Stored data entries:
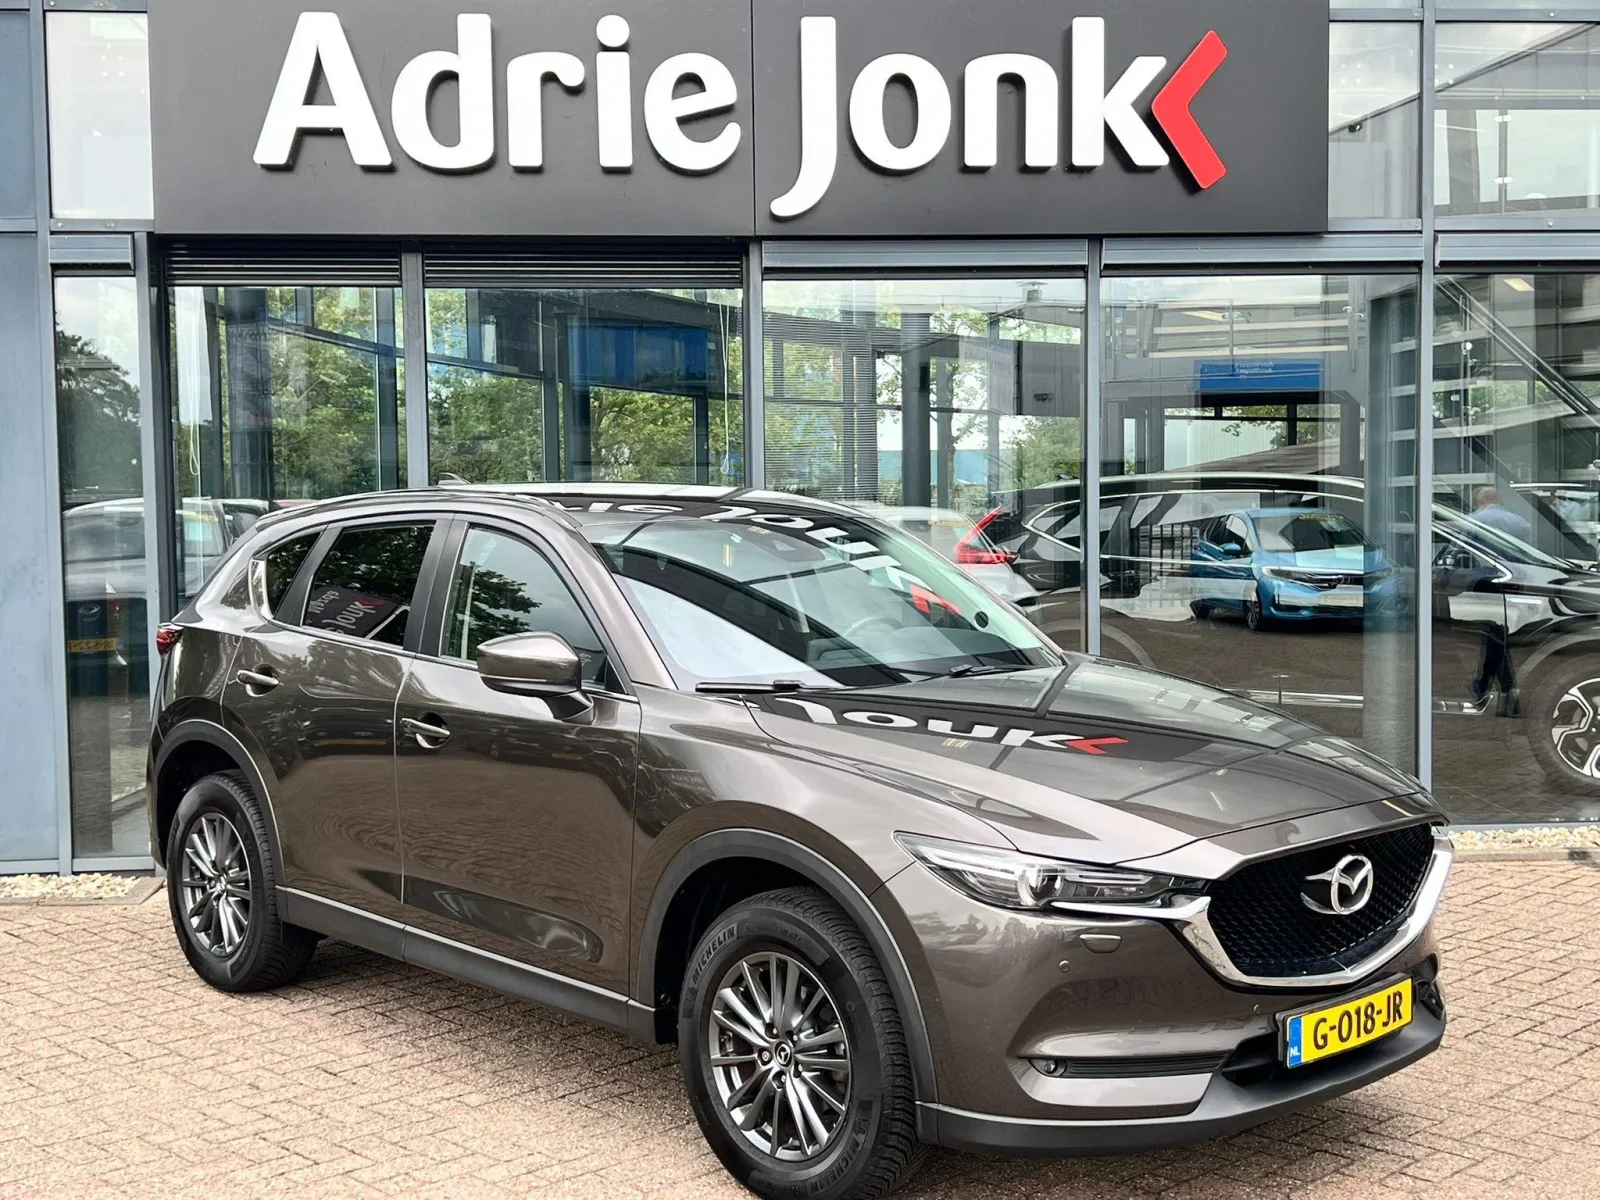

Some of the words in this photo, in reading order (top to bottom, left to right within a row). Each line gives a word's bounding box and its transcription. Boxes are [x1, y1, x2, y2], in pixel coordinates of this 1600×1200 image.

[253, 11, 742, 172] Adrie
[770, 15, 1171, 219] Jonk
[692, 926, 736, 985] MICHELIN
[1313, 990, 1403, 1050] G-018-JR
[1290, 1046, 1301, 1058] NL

__WORK TO COMPLETE__:
Without including any picture, repeat the data exactly.

__WRITTEN REPLY__:
Some of the words in this photo, in reading order (top to bottom, left to right within a row). Each line gives a word's bounding box and its transcription. Boxes are [x1, y1, x2, y2], in pixel coordinates of this 1600×1200 image.

[253, 11, 742, 172] Adrie
[770, 15, 1171, 219] Jonk
[692, 926, 736, 985] MICHELIN
[1313, 990, 1403, 1050] G-018-JR
[1290, 1046, 1301, 1058] NL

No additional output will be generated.